Return the full listing unchanged, excluding any images it contains.
-- Opening Marker --
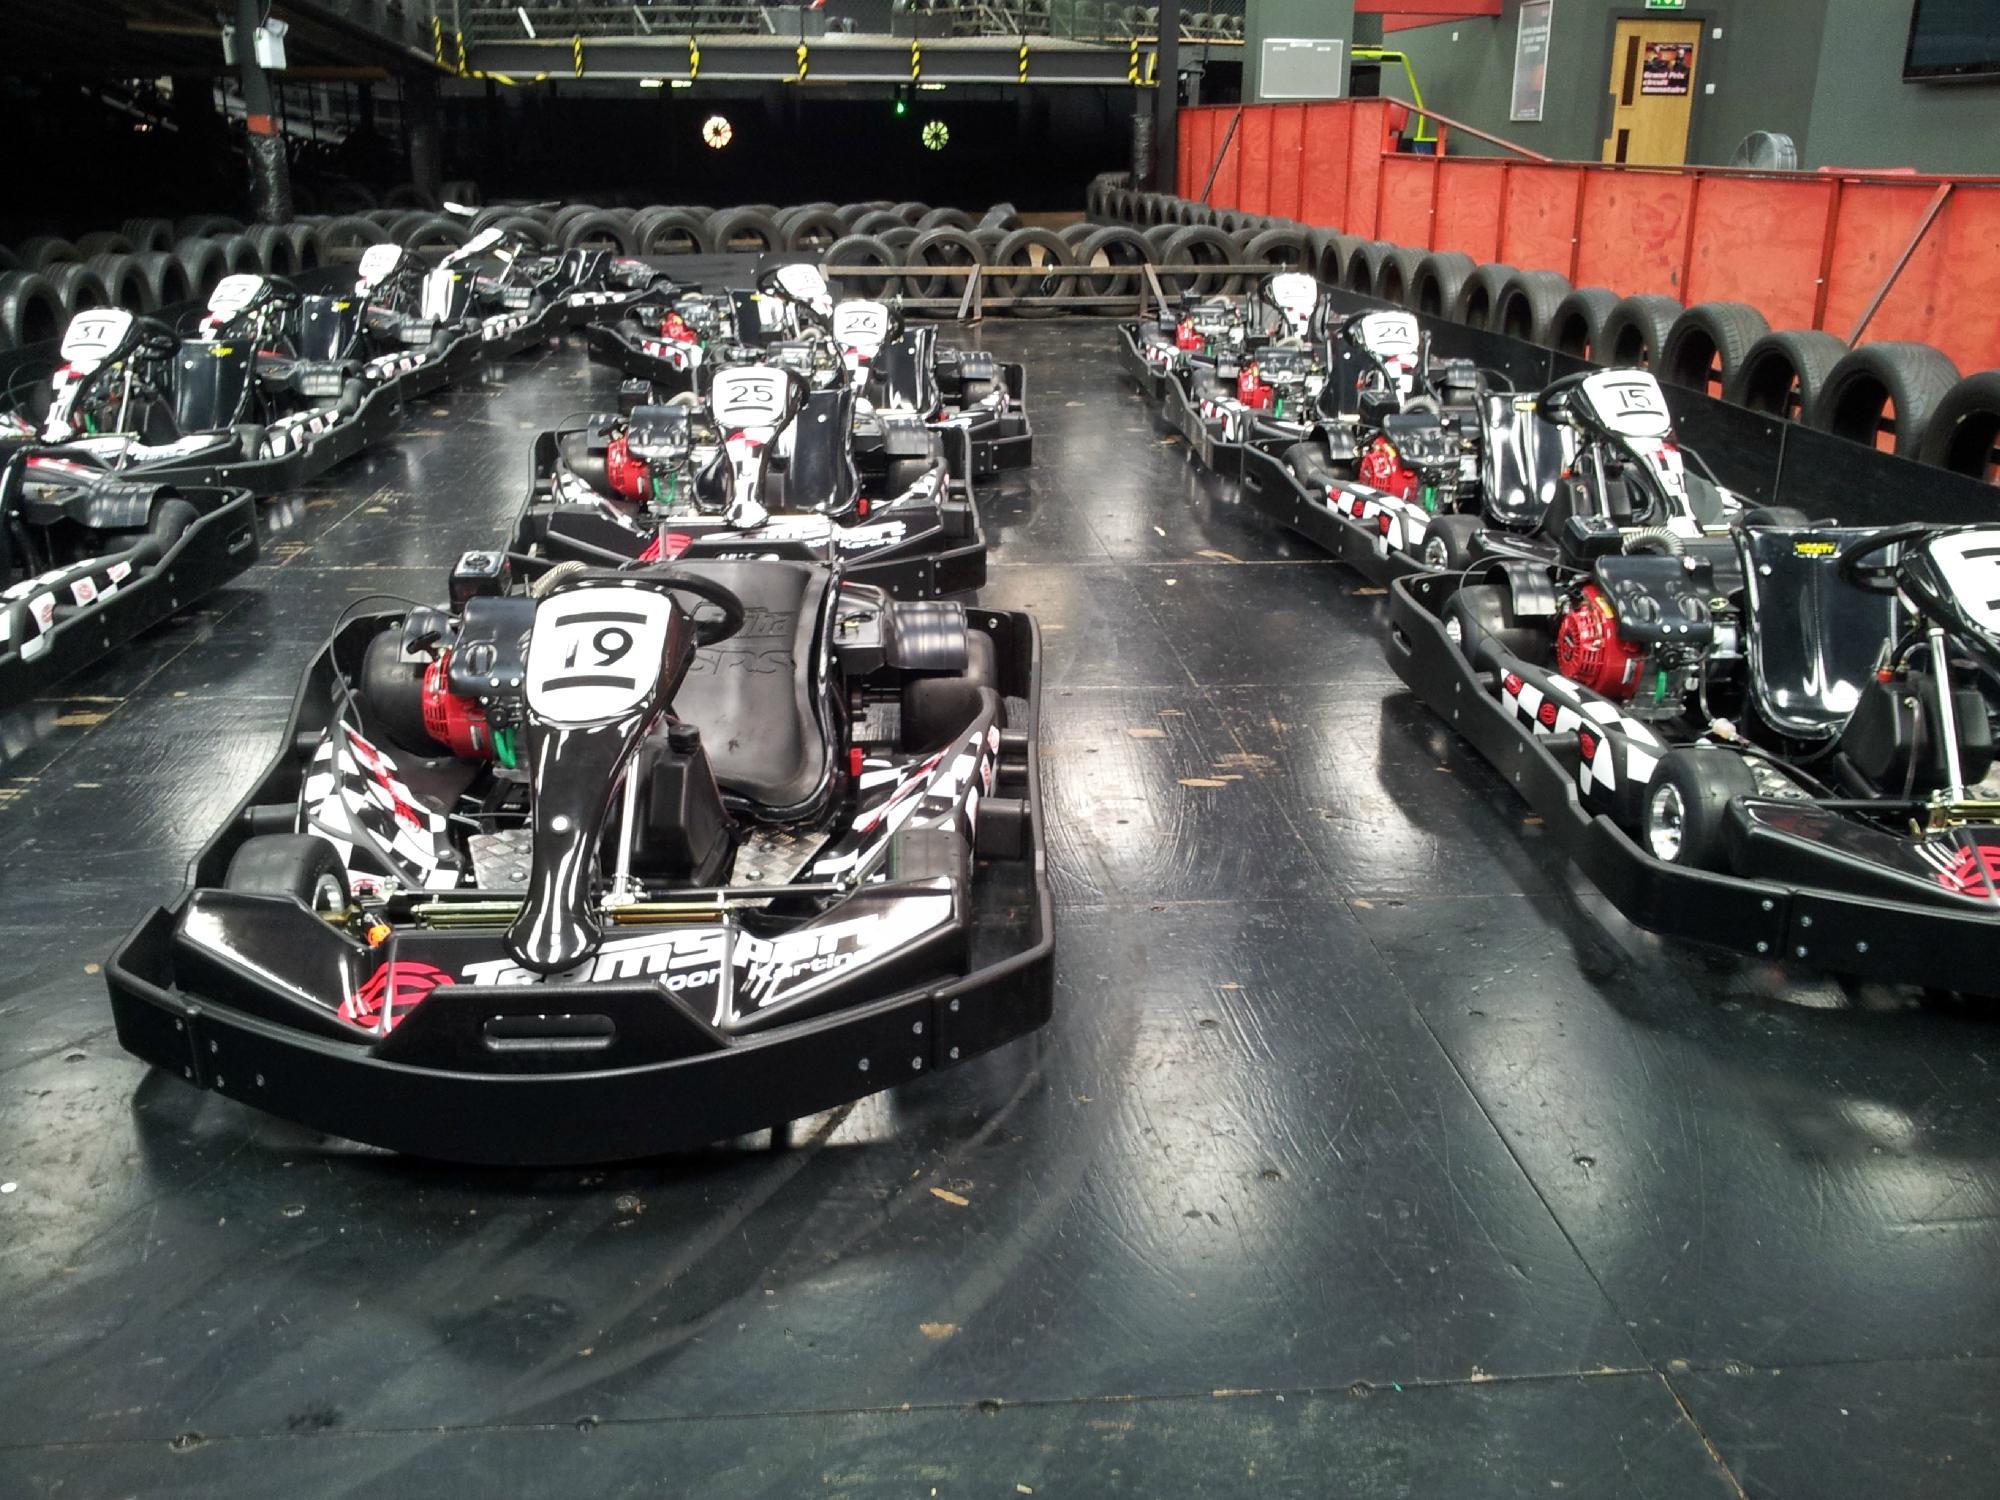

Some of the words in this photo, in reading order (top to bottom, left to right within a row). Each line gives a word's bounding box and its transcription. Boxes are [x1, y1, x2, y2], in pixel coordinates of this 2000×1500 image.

[845, 316, 877, 329] 26
[76, 325, 105, 340] 31
[729, 385, 774, 404] 25
[1619, 389, 1652, 408] 15
[564, 626, 634, 669] 19
-- Closing Marker --
• Result for this exercise:
Some of the words in this photo, in reading order (top to bottom, left to right within a row). Each line gives a word's bounding box and its transcription. Boxes are [x1, y1, x2, y2], in pixel coordinates of this 2000×1500 image.

[845, 316, 877, 329] 26
[76, 325, 105, 340] 31
[729, 385, 774, 404] 25
[1619, 389, 1652, 408] 15
[564, 626, 634, 669] 19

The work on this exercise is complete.